The 21 Borrett Road luxury project comprises 152 residential units, 242 car parking spaces and 31 motorcycle parking spaces. CK Asset had earlier contracted to sell four residential units and eight car-parking spaces to third-party buyers.


Billionaire Li Ka-shing with his son Victor Li Tzar-kuoi, seen during CK Asset's annual dinner in Wan Chai, Hong Kong, in January 2020. Photo: Dickson Lee 

The transaction with Sino Suisse covers 148 unsold units, each with one accompanying car-parking space, and an additional 86 car and 31 motorcycle parking spaces, according to the filing. The units were priced at HK$62,000 per square foot, while the excess car and motor parking spaces were pegged at HK$5 million and HK$300,000 each, respectively.

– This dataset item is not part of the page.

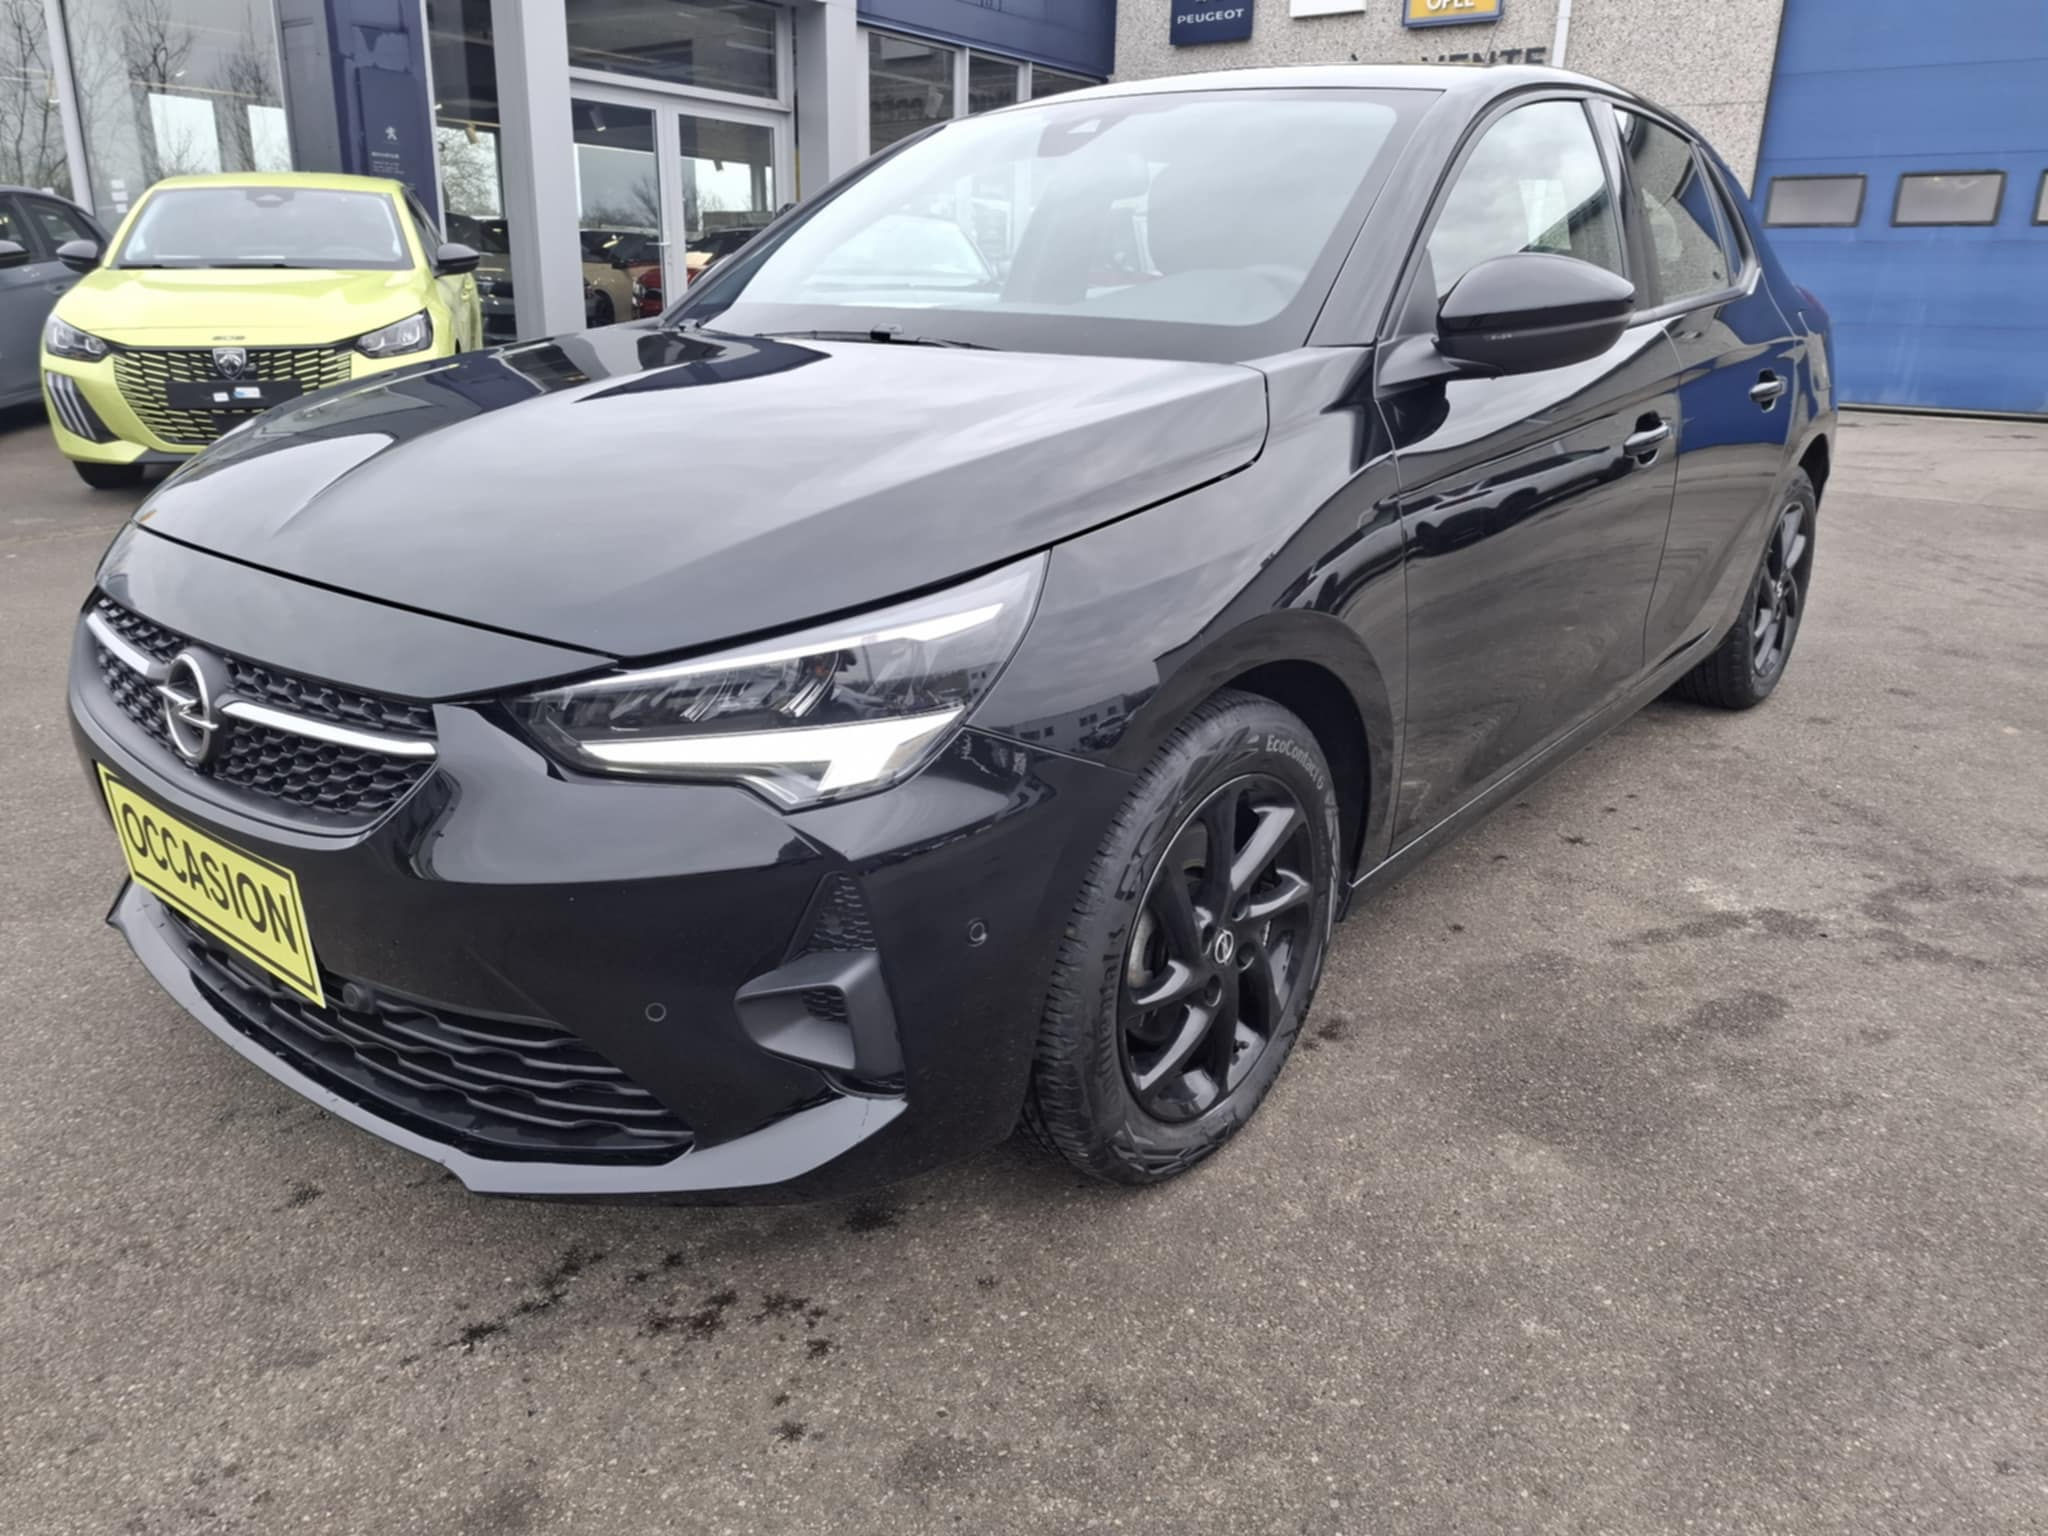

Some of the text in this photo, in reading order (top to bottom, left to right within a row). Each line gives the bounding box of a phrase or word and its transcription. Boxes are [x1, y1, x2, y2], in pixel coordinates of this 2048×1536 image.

"It is a very good deal for CK Asset," said Joseph Tsang, chairman of JLL in Hong Kong. "Although on the surface the average price tag is below what it sold previously at the project, it is not an easy job to find one single buyer to take all the remaining units at one go in this market, which is at the beginning of a downside cycle."

Hong Kong's real estate market has been hit hard in recent years by the coronavirus pandemic in early 2020 and social unrest throughout 2019. The ultra luxury market, which is mainly supported by mainland Chinese buyers, has been in the doldrums under more than two years of border shutdown and travel restrictions.

"Even if the borders reopen, we are not sure whether the mainlanders' money will flow back into Hong Kong's luxury housing market," said Tsang. "So at this moment, it is definitely a right decision to seal a deal, when you can find a buyer to pay a reasonable price."